The shocking discovery of illegal meat in lorries at Dover port has intensified concerns about the threat of an outbreak of deadly African swine fever (ASF) breaching the UK’s shores.

Officials from Dover Port Health Authority (DPHA) inspected 22 lorries originating from Romania, Moldova, Ukraine and Poland over a 24-hour period earlier this month.

They found illegal meat imports in 21 of the vehicles entering the UK, including 2.5t of illegal pork products.

See also: Pig industry aghast at government delays on border controls

The haul included raw animal products loosely stored in carrier bags and tissue without temperature control, refrigeration or labelled identification. These items were not separated from ready-to-eat products, such as cheese, crisps and cake.

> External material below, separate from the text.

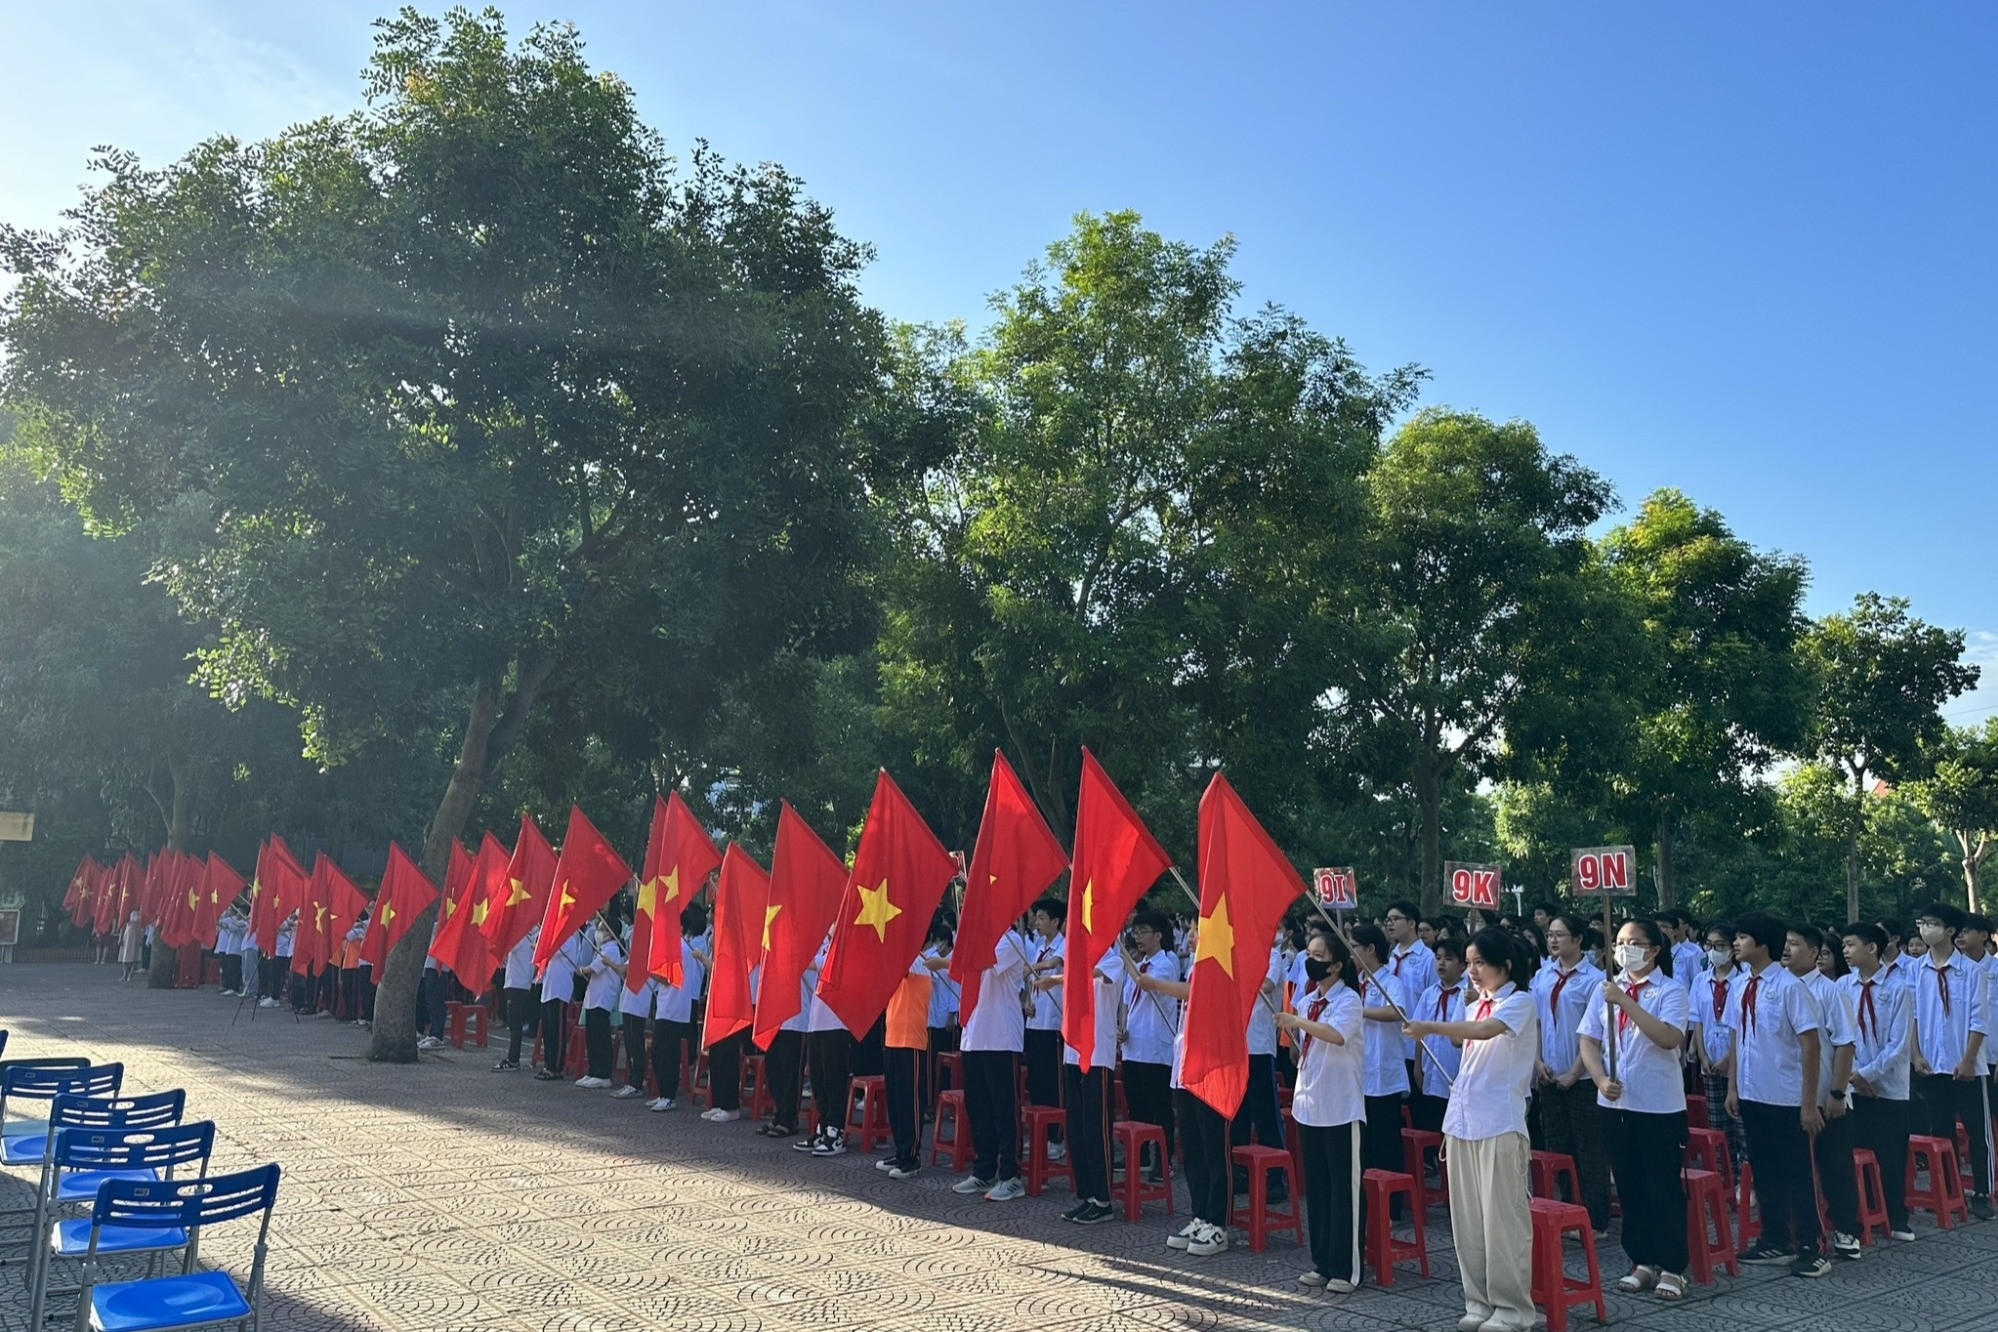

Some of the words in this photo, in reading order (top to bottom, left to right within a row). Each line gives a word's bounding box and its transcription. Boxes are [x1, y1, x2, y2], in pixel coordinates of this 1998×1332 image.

[1320, 874, 1348, 904] 9I
[1452, 869, 1495, 905] 9K
[1578, 852, 1628, 890] 9N

Some illegal raw meat products were discovered in holdalls, taped-up second-hand cardboard boxes and sealed cool boxes. They were destined to be sold at markets and independent stores in Britain.

Pork in wheelie bin

In one case, unlabelled, loosely wrapped pork was found in the bottom of a taped-up wheelie bin filled with other goods intended for free circulation within the UK.

The Animal and Plant Health Agency says the most likely way the ASF virus could be introduced to Great Britain is by a member of the public bringing pork or pork products back from an ASF-affected country.

Natalie Elphicke, Conservative MP for Dover, revealed the figures in a debate at Westminster Hall on Tuesday 18 October.

She suggested the evidence from Dover showed the risk of an animal health and biosecurity breach at UK borders had got worse in the past year.

“The operational report contains some 20 pages of disgusting images from this very small operation,” she said. “We need to remember that it’s not 22 vehicles a day that enter the UK at Dover – but it’s up to 10,000 vehicle movements across the Channel each day.

“It’s clear that the risk of maggoty meat, meat of unknown origin – often horse or other illegal meat – rotting meat due to the lack of temperature controls, as well as fresh blood dripping onto other products is a real concern.”

Government warned

A spokesman for the DPHA, which is provided by Dover district council, said it had written to the government to raise a number of urgent issues, including the risk to farmers and consumers of ASF entering the UK.

In the letter, the authority called for the prompt mobilisation of “the Dover Border Control Post to ensure we can protect biosecurity and disrupt food fraud and criminality”.

Lizzie Wilson, chief executive of the National Pig Association, said the discovery at Dover highlighted the vital need to check lorries at the border for consignments of illegal meat.